Il crocifisso è anche protagonista nell’opera di Martin Kippenberger dal titolo Zuerst Die Fuisse in cui al posto di Cristo campeggia una rana con in mano un boccale di birra e nell’altra un uovo. Ritenuta altamente offensiva, si è “lottato” affinché venisse tolta dal Museion di Bolzano, luogo dove era esposta, sino a toccare lo sciopero della fame

Tuttavia, l’opera era ben lontana dagli intenti blasfemi che vi erano stati attribuiti ed è un peccato che lo stesso artista non abbia potuto difenderla poiché morto dieci anni prima dell’esposizione a soli 44 anni.

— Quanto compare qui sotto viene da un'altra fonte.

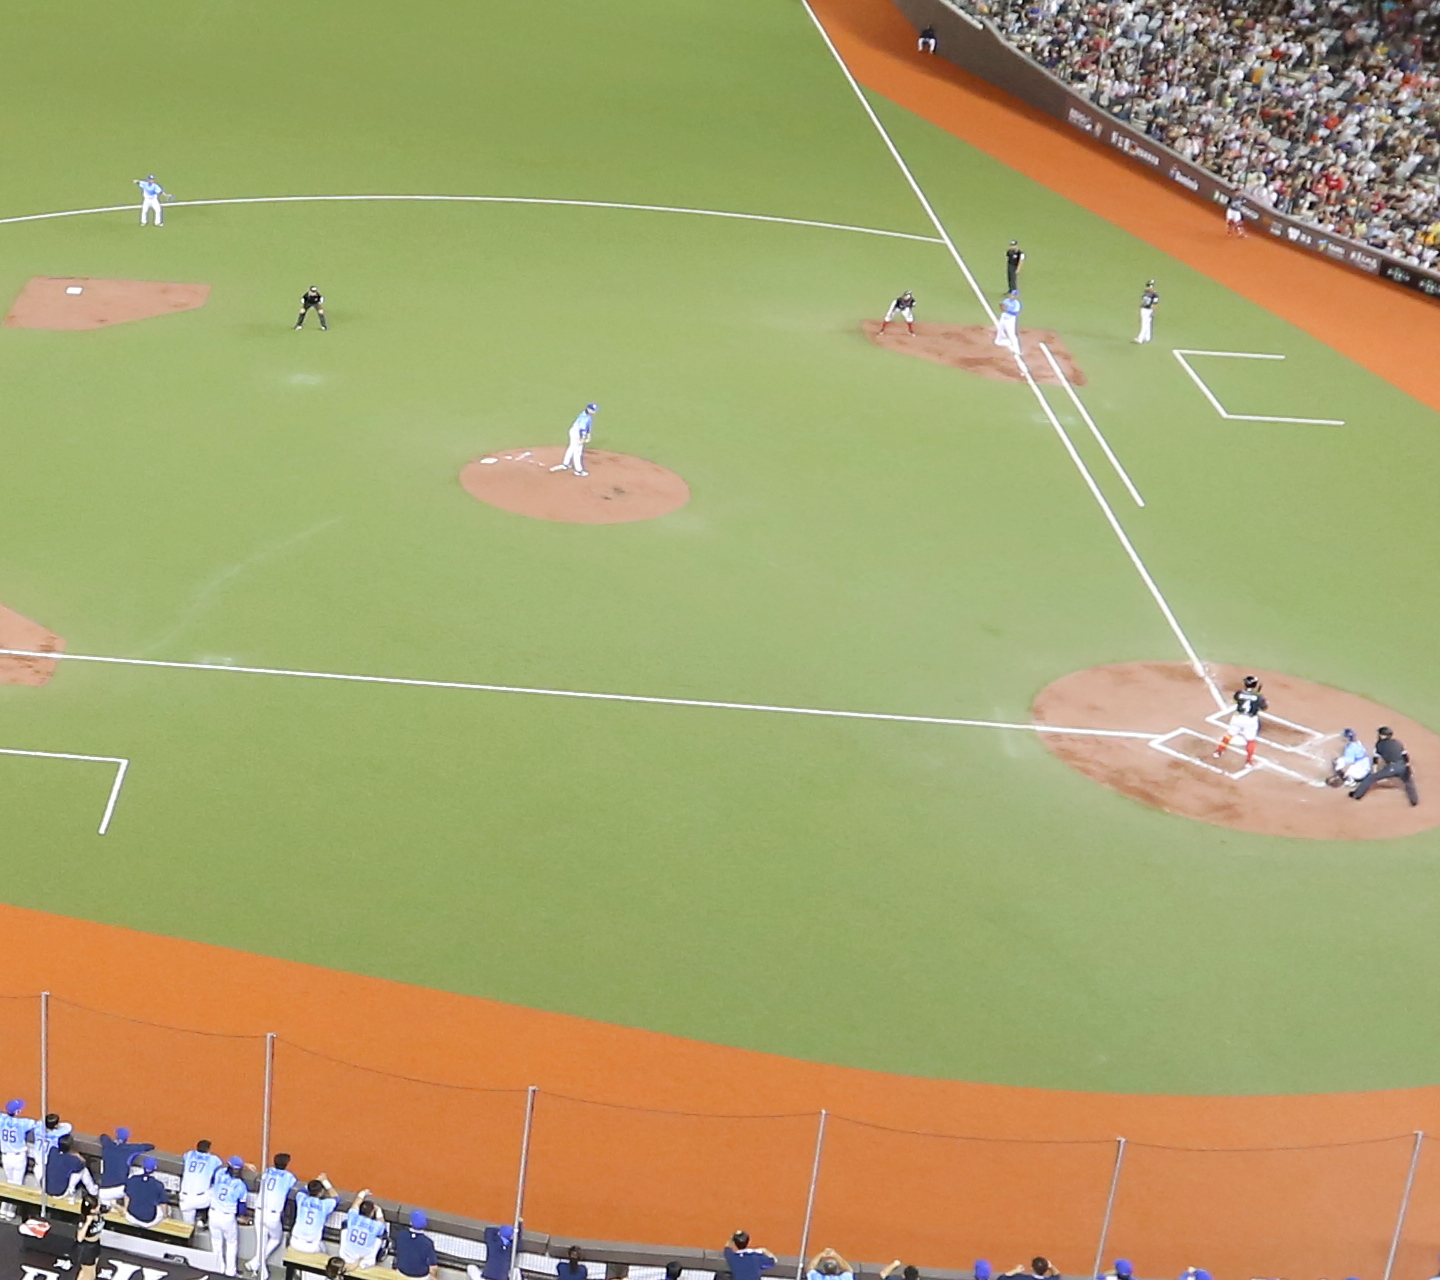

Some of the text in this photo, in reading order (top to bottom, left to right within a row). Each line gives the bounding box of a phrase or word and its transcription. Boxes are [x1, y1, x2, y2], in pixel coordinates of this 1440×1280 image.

Kippenberger ha, difatti, realizzato il suo autoritratto, anzi per meglio dire, il suo alterego Fred la rana, a seguito di un periodo buio culminato con la disintossicazione. Riflettiamo: se la simbologia del crocifisso è quello della sofferenza, perché non utilizzarlo per descrivere un momento di personale dolore? 

L’artista si è scoperto fragile, vulnerabile e si è così rappresentato giacente su un simbolo che è sì di dolore, ma che si trasforma in trionfo: Cristo morto e risorto, così Martin Kippenberger alias Fred la rana con in mano i due simboli di distruzione e di rinascita (l’uovo).

A dar nuova vita a un’altra iconografia estremamente diffusa, ovvero quella della Pietas, è il fiammingo Jan Fabre. Con la sua opera monumentale Al Sogno Compassionevole (Pietà V), esplicito richiamo alla scultura michelangiolesca, l’artista ha voluto “giocare” con i ruoli dei protagonisti, sostituendoli. 

Il Cristo morto porta il volto di Fabre – a cui tuttavia non vuole sostituirsi – in abito da sera e in stato di decomposizione evidente; la Madonna invece ha il volto di uno scheletro, ciò che rimane di un corpo dopo la morte, e simboleggia il sacrificio di una madre, pronta a morire al posto del figlio. 

L’atto più naturale che esista, il gesto d’amore più grande però non capito e, anche in questo caso, tacciato di blasfemia. In certi casi è molto più semplice puntare il dito anziché sforzarsi di leggere un’opera d’arte contemporanea, anzi più semplicemente imparare a farlo.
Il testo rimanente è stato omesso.